When she pushed to come out, she found a cluster of townspeople had surged to the door, looking for room to avoid the crush. “The stones!” she cried to them. She didn’t know if they paid any attention to her, but she was already back at the stairs, heaving forward with the “rider,” a rounded upper millstone balanced on her shoulder. Some of the men recognized what she was doing and began clearing the way of people before her.
He was coming! As she climbed the stairs, the people inside the tower had fallen deathly silent. They were listening to a long speech he was shouting at them from outside, chastising them for their lack of support. With every stairstep she mounted, his voice seemed to grow more raspy and crazed. “Why do men always get so silent when you wish they’d say something,” she thought, “and always talk so much when you wish they’d shut up?” “Ah well,” she reasoned, “just keep talking till I get there.” The “there” was a lonely opening between the stones, an eye of a window in the tower wall, forty feet directly above the only door. This is where he’ll end up, she knew.
He was here. Then so was she. She could smell the smoke as she reached the window. There were precious few moments left. He had waited until the defenders on the roof had exhausted their supply of arrows and stones, and then had ordered his men forward. She peeked through the unobtrusive opening and saw the massive piles of wood surrounding the base of their soon- to-be funeral pyre. He had finished his speech, or more likely exhausted himself with it, and was sidling up to the tower door with torch in hand. For the fire would be started at the tower door to prevent any from escaping, she knew, and he would insist on lighting the fire himself. He would let none rob him of that grisly honor. As Abimelech reached the door, the woman of Thebez gave one last heave of her millstone through the crack. It tumbled out into space . . .

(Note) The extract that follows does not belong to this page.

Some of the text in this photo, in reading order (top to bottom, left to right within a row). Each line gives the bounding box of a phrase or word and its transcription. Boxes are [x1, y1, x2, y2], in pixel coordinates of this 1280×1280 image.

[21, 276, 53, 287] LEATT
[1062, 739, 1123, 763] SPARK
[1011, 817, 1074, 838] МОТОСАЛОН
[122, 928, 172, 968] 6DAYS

Did you Bible-readers guess it? This was an imagining of Judges 9, when the usurper, Abimelech, is out of control and no one can stop him. No one, that is, except the brave woman stuck in the tower of Thebez. Judges is a book a that deals a lot with gender. As usual in the book, where the men fail, the women shine. And this strong woman saves the day by “lifting weights,” that is, a heavy millstone, and heaving it out of the tower onto Abimilech’s head. He is killed. Her heroism sends everybody home.

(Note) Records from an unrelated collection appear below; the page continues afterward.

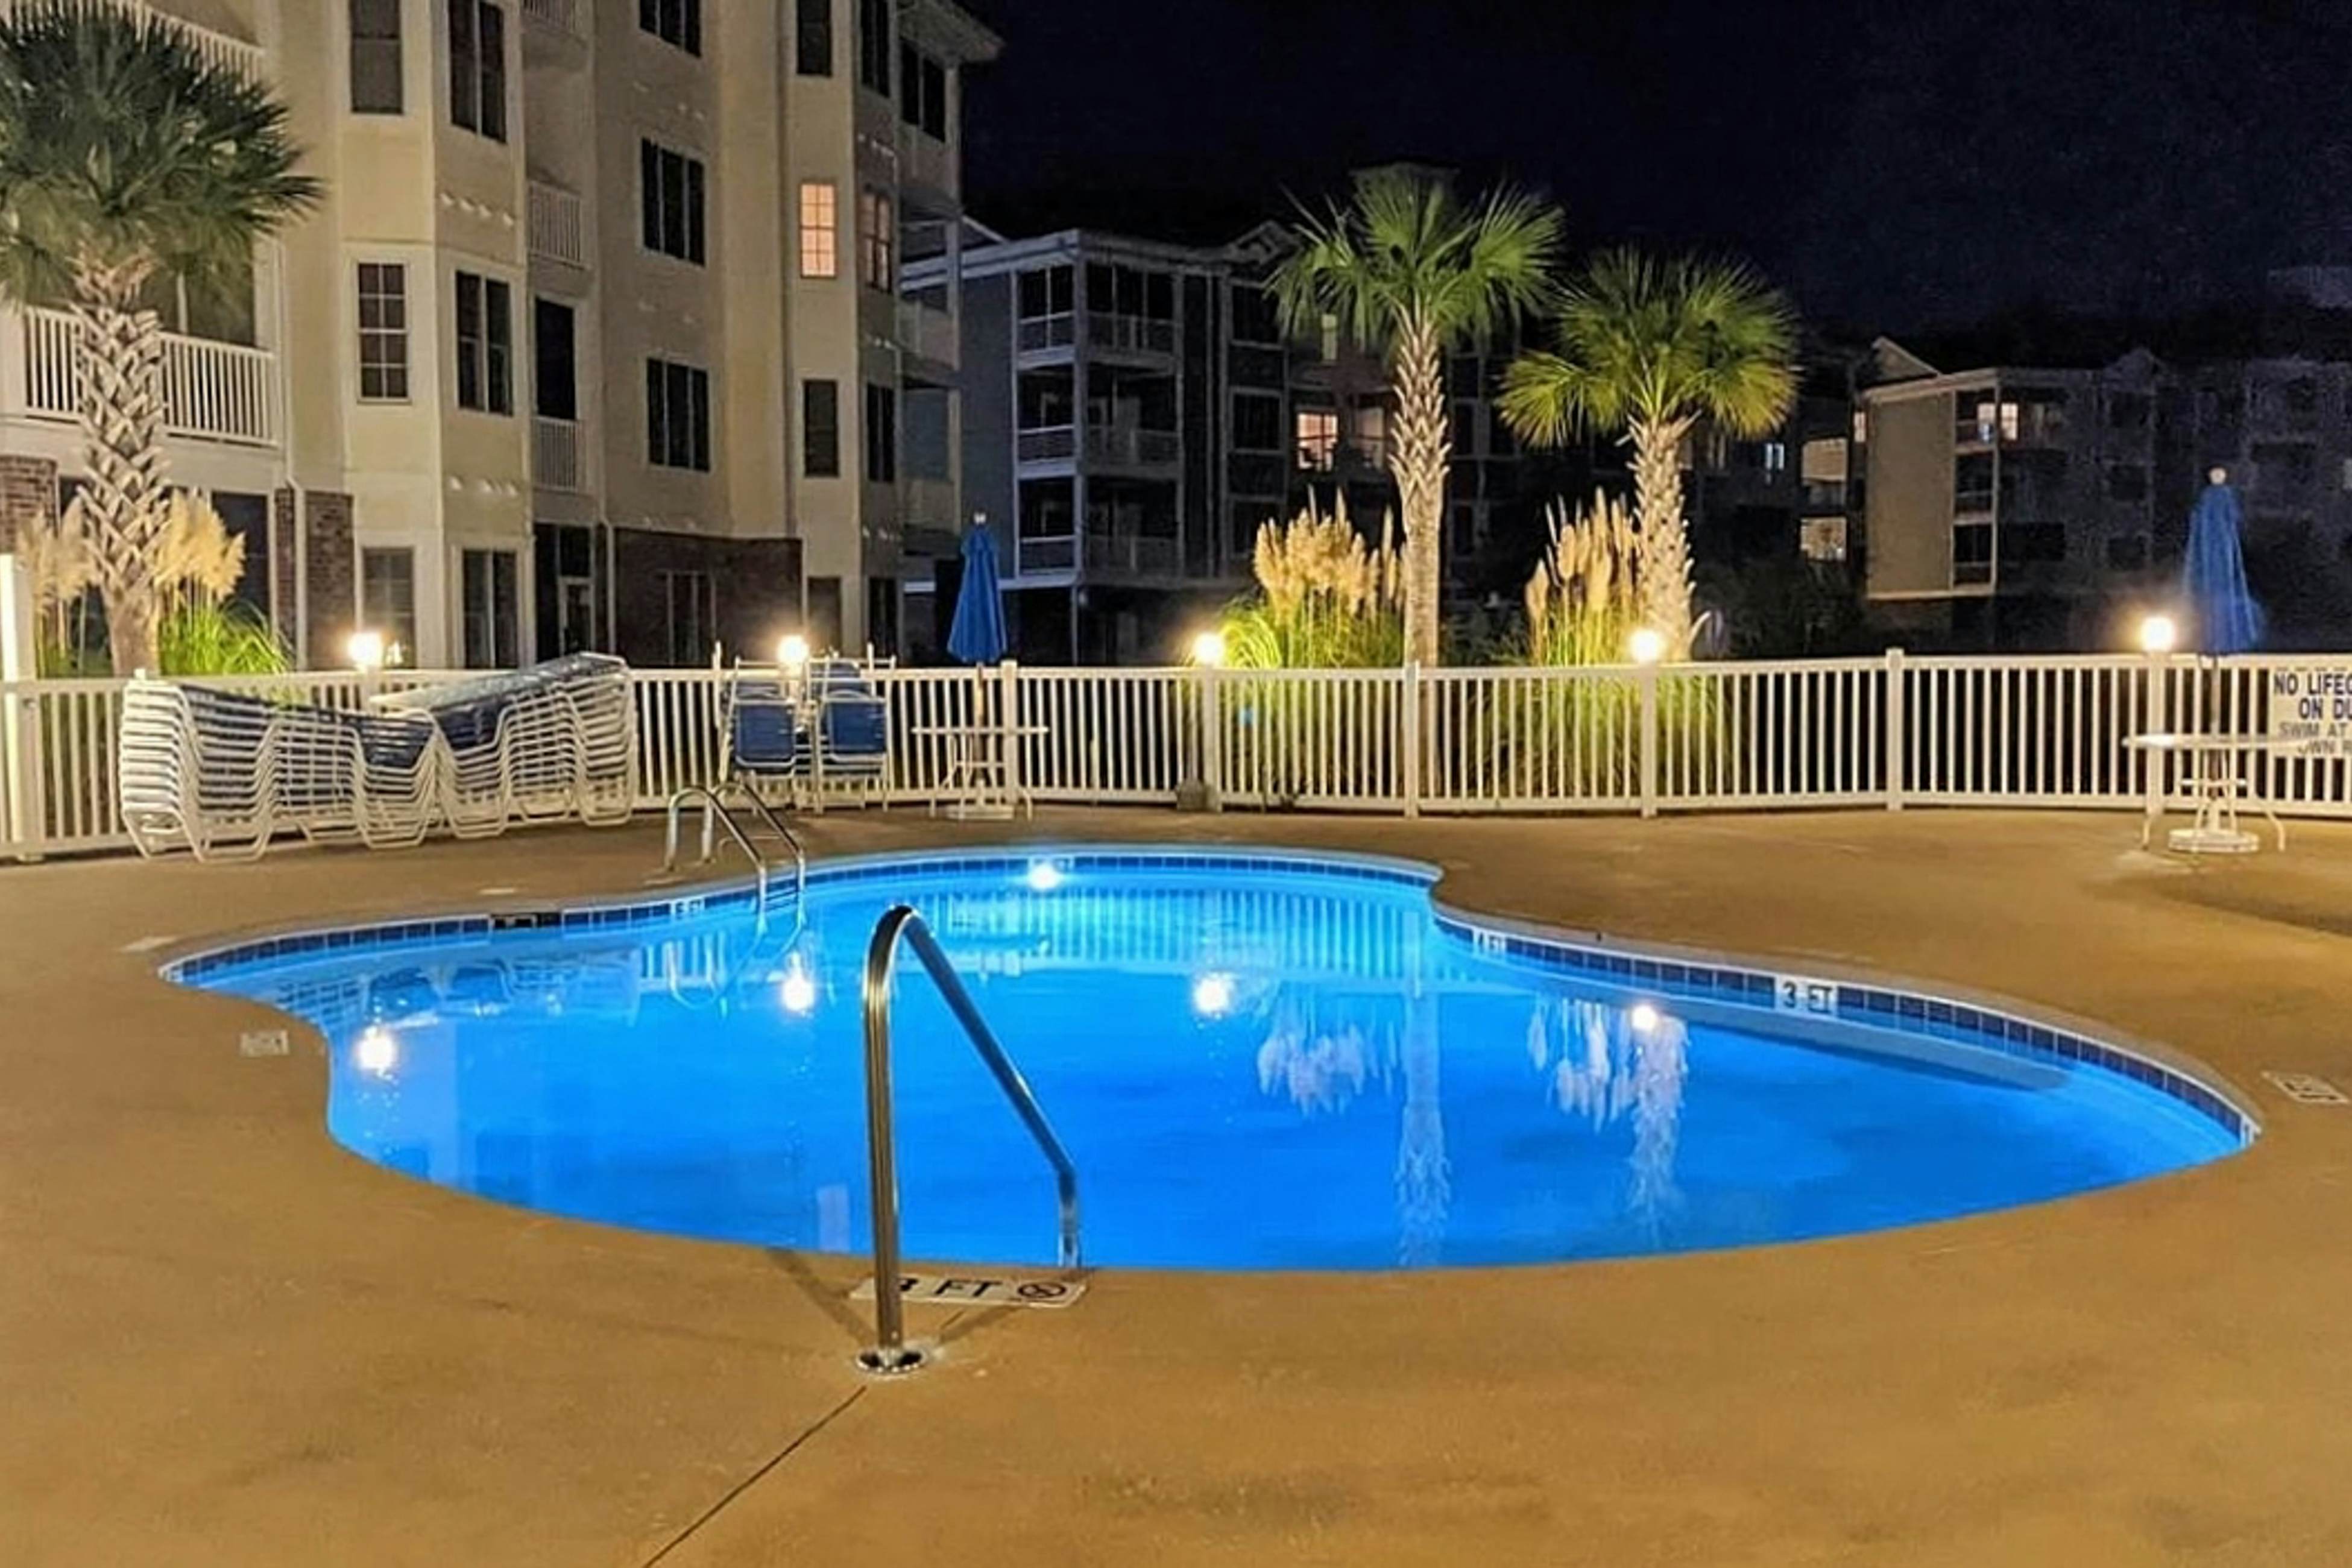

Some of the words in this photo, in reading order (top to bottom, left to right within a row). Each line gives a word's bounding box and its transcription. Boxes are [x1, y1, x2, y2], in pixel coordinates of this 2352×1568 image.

[2274, 673, 2298, 695] NO
[2299, 697, 2323, 720] ON
[2327, 722, 2347, 737] AT
[1783, 981, 1797, 1009] 3
[935, 1279, 1003, 1297] FT

What do you think? Does the Bible support gender stereotypes or defy them?
These tests are wonderfully imaginative — and fun! Please keep ’em coming.
The woman who killed Abimelech in Thebez is my kind of woman, and she is also my shero! And her and King David would of made a great couple!
Well, the Thebez woman was a little too early for David but I guess I see what you mean. While we are speculating, I wish David would have just stuck with Abigail. She was truly his match and if he had just had a family with her things would have turned out SO MUCH better. Alas…
Was The woman of Thebez in danger?
Well, yes, based on Judges 9:45-55, I would say so. Raging Abimelech was about to do at Thebez what he did at Shechem–burn everybody alive in the town tower. The woman saved the day from within the tower.